─── DATA TO USE

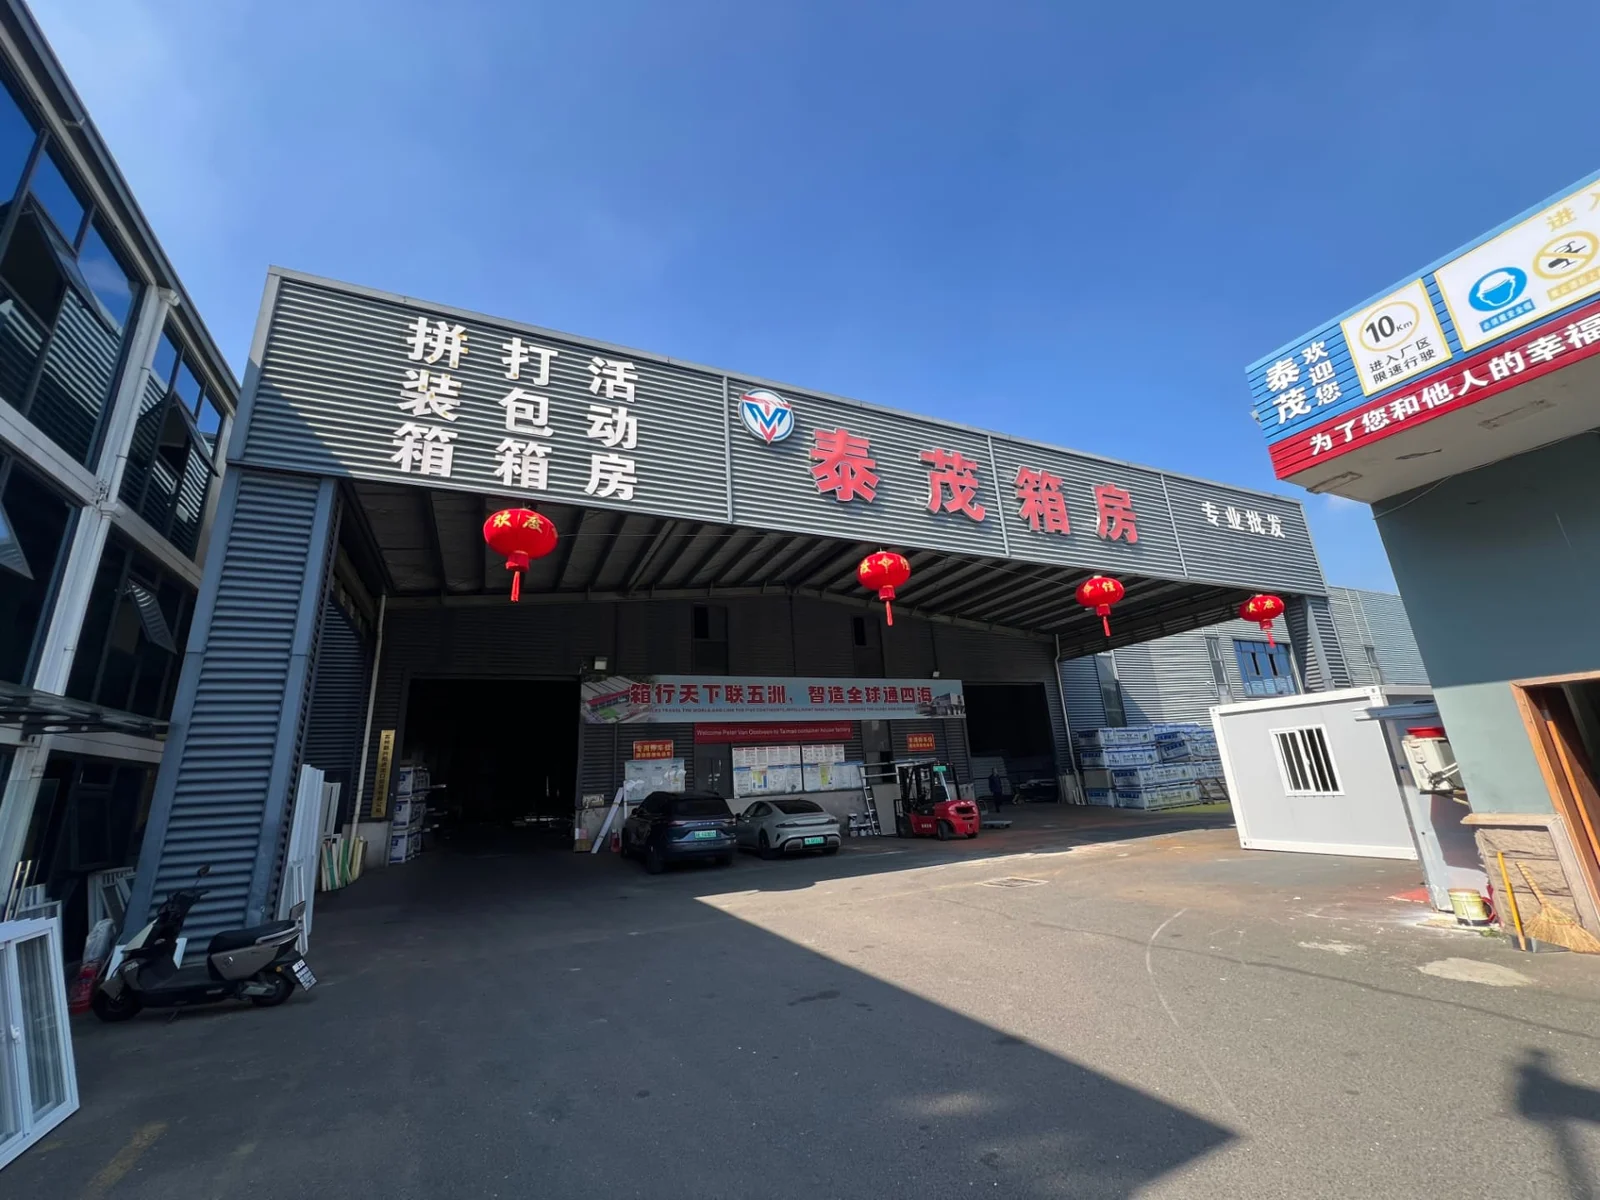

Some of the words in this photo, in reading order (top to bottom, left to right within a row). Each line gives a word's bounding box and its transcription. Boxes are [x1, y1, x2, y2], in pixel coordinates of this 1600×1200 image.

[1301, 340, 1342, 406] 欢迎您
[1369, 337, 1431, 374] 进入厂区
[1373, 349, 1437, 385] 限速行驶
[390, 316, 469, 478] 拼装箱
[493, 336, 559, 491] 打包箱
[1266, 357, 1311, 424] 泰茂
[584, 356, 639, 501] 活动房
[808, 428, 1138, 544] 泰茂箱房
[1201, 501, 1286, 538] 专业批发
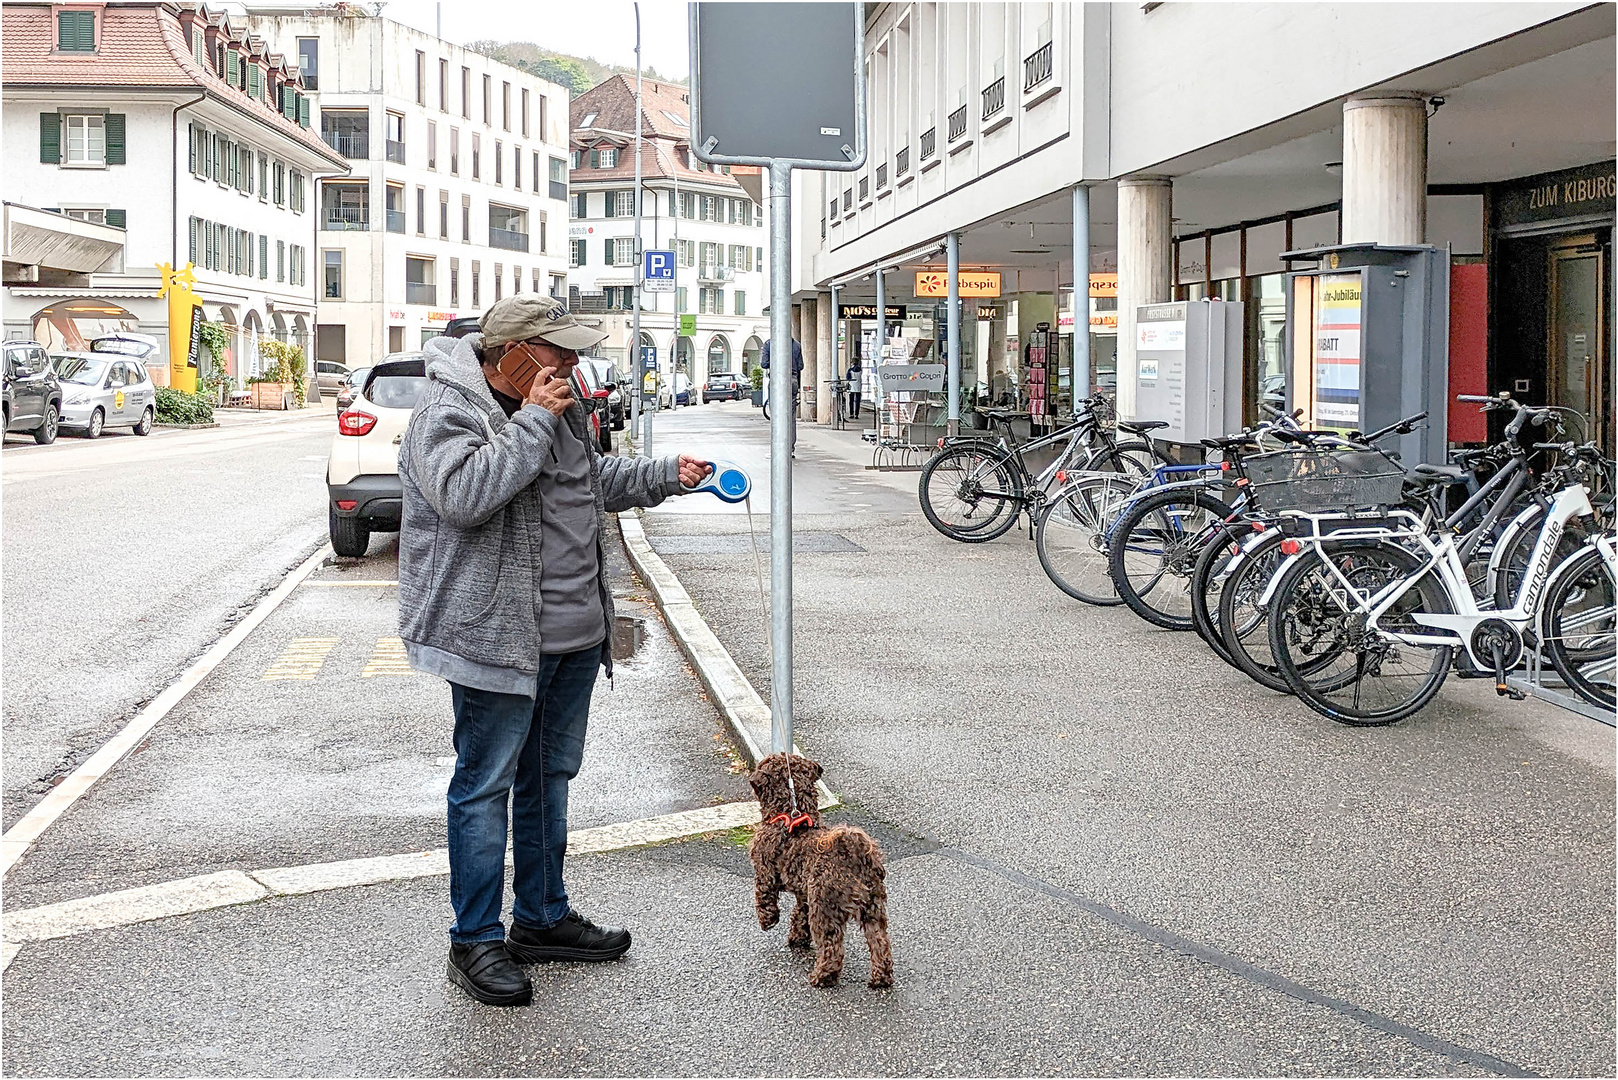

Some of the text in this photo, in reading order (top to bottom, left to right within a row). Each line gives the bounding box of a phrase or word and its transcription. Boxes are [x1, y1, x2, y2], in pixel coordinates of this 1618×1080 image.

[1529, 184, 1558, 209] ZUM
[650, 254, 666, 276] P
[188, 308, 201, 366] Flanierzone
[1523, 520, 1561, 616] cannondale

──────

» WORK TO BE COMPLETED
What is needed is an exact repeat of the records, with every picture left out.

» SOLVED EXERCISE
Some of the words in this photo, in reading order (top to bottom, left to right within a row). Each line gives a word's bounding box and its transcription. Boxes are [x1, y1, x2, y2], in pixel coordinates of this 1600×1200 image.

[1301, 340, 1342, 406] 欢迎您
[1369, 337, 1431, 374] 进入厂区
[1373, 349, 1437, 385] 限速行驶
[390, 316, 469, 478] 拼装箱
[493, 336, 559, 491] 打包箱
[1266, 357, 1311, 424] 泰茂
[584, 356, 639, 501] 活动房
[808, 428, 1138, 544] 泰茂箱房
[1201, 501, 1286, 538] 专业批发

Some of the text in this photo, in reading order (top to bottom, left to right within a row). Each line gives the bounding box of a phrase or word and its transcription. Boxes are [x1, y1, x2, y2], in pixel coordinates of this 1618×1080 image.

[1529, 184, 1558, 209] ZUM
[650, 254, 666, 276] P
[188, 308, 201, 366] Flanierzone
[1523, 520, 1561, 616] cannondale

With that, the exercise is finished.